TitleTrajectories of behavioral regulation for Taiwanese children from 3.5 to 6 years and relations to math and vocabulary outcomes
Publication TypeJournal Article
Year of Publication2016
AuthorsWanless, SB, Kim, KH, Zhang, C, Degol, JL, Chen, JL, Chen, FM
JournalEarly Childhood Research Quarterly
Pagination104 - 114
Date PublishedJan-31-2016


  • Taiwanese children had two trajectories of behavioral regulation development.
  • Two-thirds were “increasing regulators” who developed at a fairly consistent rate.
  • “Steady-then-increasing regulators” developed at a higher rate after 60 months old.

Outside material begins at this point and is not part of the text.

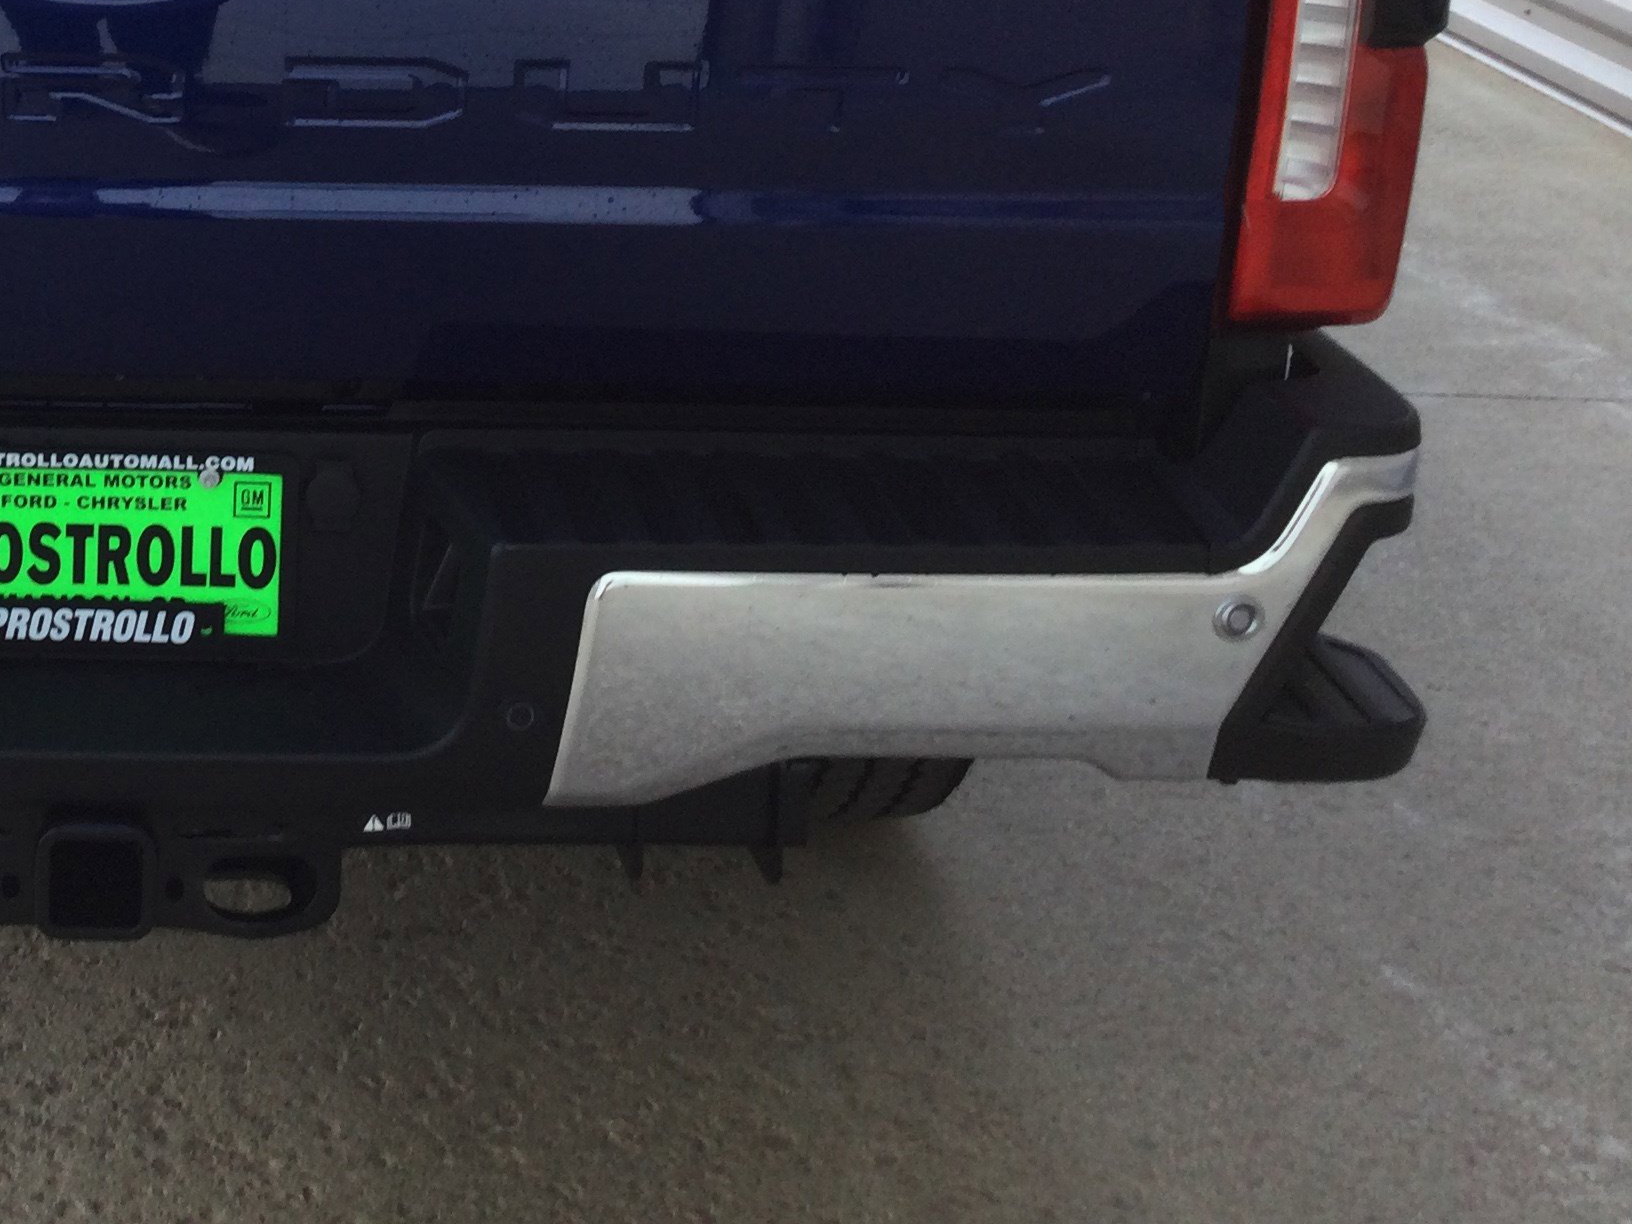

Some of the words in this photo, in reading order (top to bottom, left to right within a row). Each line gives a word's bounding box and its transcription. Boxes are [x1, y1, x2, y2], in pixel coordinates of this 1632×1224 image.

[104, 474, 192, 489] MOTORS
[1, 494, 57, 509] FORD
[76, 496, 187, 511] CHRYSLER
[241, 489, 264, 505] GM

  • Age was related but gender and mother’s education were not related to trajectory.
  • “Increasing regulator” positively related to vocabulary growth, but not math.

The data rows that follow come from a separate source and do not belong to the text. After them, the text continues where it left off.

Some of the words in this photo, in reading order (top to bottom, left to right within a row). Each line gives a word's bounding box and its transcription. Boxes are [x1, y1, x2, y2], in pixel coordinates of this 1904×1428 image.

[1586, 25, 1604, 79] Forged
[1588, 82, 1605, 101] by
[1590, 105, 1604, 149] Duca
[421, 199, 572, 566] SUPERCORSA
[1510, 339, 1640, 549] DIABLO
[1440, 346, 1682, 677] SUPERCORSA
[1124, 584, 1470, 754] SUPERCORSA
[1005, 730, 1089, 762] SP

Strong behavioral regulation skills in early childhood have been found to be related to high academic outcomes for Taiwanese children but little is known about the developmental trajectories for behavioral regulation and their relations to academic outcomes. Behavioral regulation was assessed for 192 Taiwanese children across an 18 month period at three time points using a direct assessment (Head–Toes–Knees–Shoulders task). Mean age of the children at the initial time-point was 4.10 years. Results of person-centered analyses indicated two distinct trajectories. One group described as ‘Increasing regulators’ developed self-regulation at a regular rate throughout the assessment period whereas the second group described as steady-then-increasing regulators developed more slowly initially and then their growth rate increased towards the end of the assessment period. Trajectory membership was significantly related to children’s age (with relatively older children in the steady-then-increasing regulator  group), but not to child gender, or mother’s education. Being an increasing regulator was significantly related to greater growth in vocabulary skills, but not math skills at the third time point. These findings highlight the use of person-centered analyses to understand unique developmental trajectories for behavioral regulation and relations to academic outcomes.